Twenty-five to 33 per cent of the real estate market is believed to be cash market. Home sales fell 22 per cent in eight major cities to 33,304 units during the September quarter due to muted end-user demand, according to a report by PropEquity Research.
“Housing demand across key cities declined by 22 per cent largely on account of muted end-users demand even when developers continue to offer heavy discounts and benefits,” PropEquity added. New launches also fell by 22 per cent at 22,745 units, from the previous quarter, while unsold stocks declined by three per cent.
Abhishek Kiran Gupta of CRE Matrix, a real estate analytics platform, said the secondary market where cash component is high would be negatively impacted first and if the problem continues till the next Diwali, primary markets would be in trouble.
“Till then, developers will put a brave face and give schemes to attract buyers. If the problem persists, they’ll have to cut prices,” Gupta said. “If you get good deals in the secondary market, why would you pay higher price in the secondary market?”
Amar Merani, chief executive of Xander Finance, said he expects a 10-15 per cent reduction in resale prices of apartments. “But, I don’t expect a significant impact on the prices of stock being sold by developers due to this decision.”
However, everybody cannot do all-white deals, says a private equity investor. “Those who’re desperate to sell can cut prices to sell off their asset. According to him, the ban would weed out the component of black money from the system.

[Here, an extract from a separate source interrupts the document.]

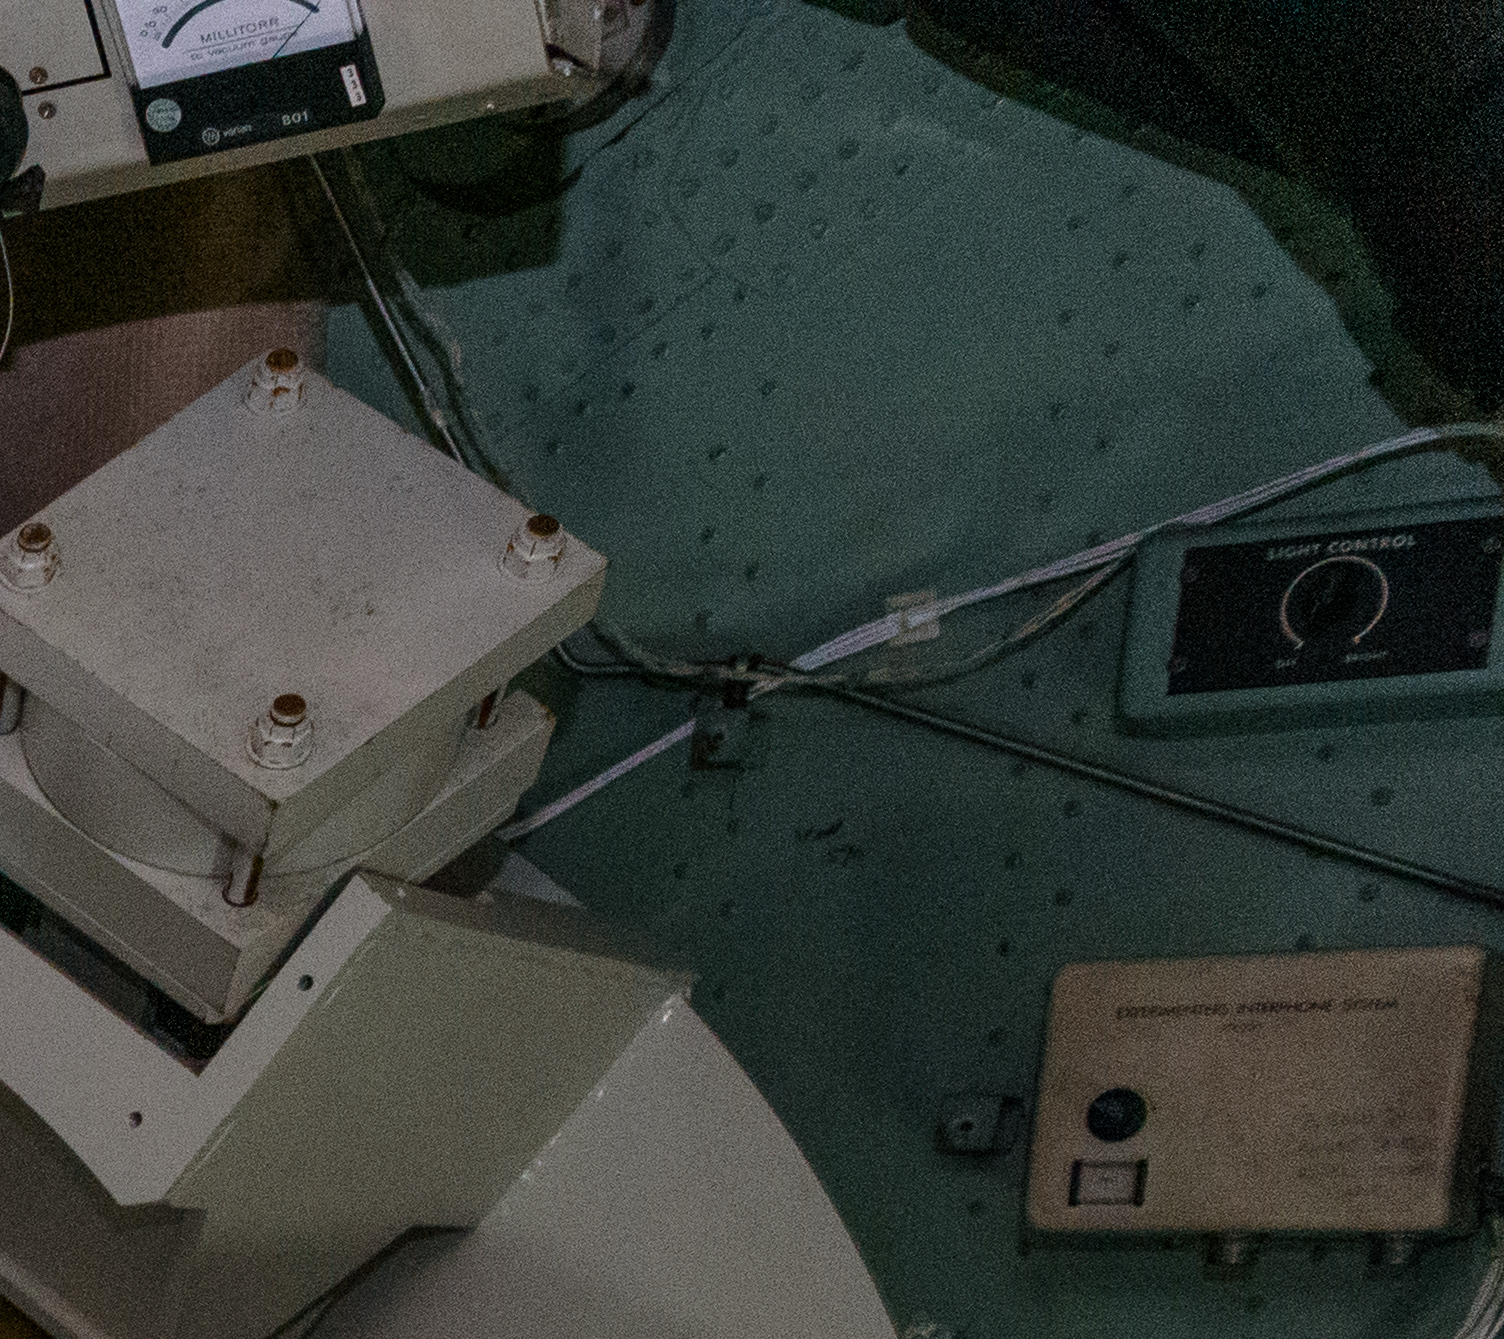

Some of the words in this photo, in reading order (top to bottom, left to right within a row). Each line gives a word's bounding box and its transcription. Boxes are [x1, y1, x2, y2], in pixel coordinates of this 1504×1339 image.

However, the chief executive of a property development firm said the prices would go up because now, the seller will make provision for capital gains. “Now. they’ll price it including the capital gains.”
The CEO said gold could replace cash in secondary home sales. The ban could also lead to further reduction in interest rates on home loans and increase availability of funds for both developers and home buyers.
“I expect a mortgage rate of eight per cent in the coming days,” said Sunil Rohokale, managing director at ASK group, a Mumbai-based fund manager. Rohokale said if the cash component goes down, inflation would reduce and the government would cut the rates. “Banks’ Casa (current and savings account) will go up and their costs of fund will come down. They will pass on the benefit.”
Shishir Baijal, chairman of Knight Frank, said the move would create a level-playing field among all stake holders in the sector. “Institutional funding to developers, which till now came with a higher risk weightage, is bound to see some softening with the increased transparency.”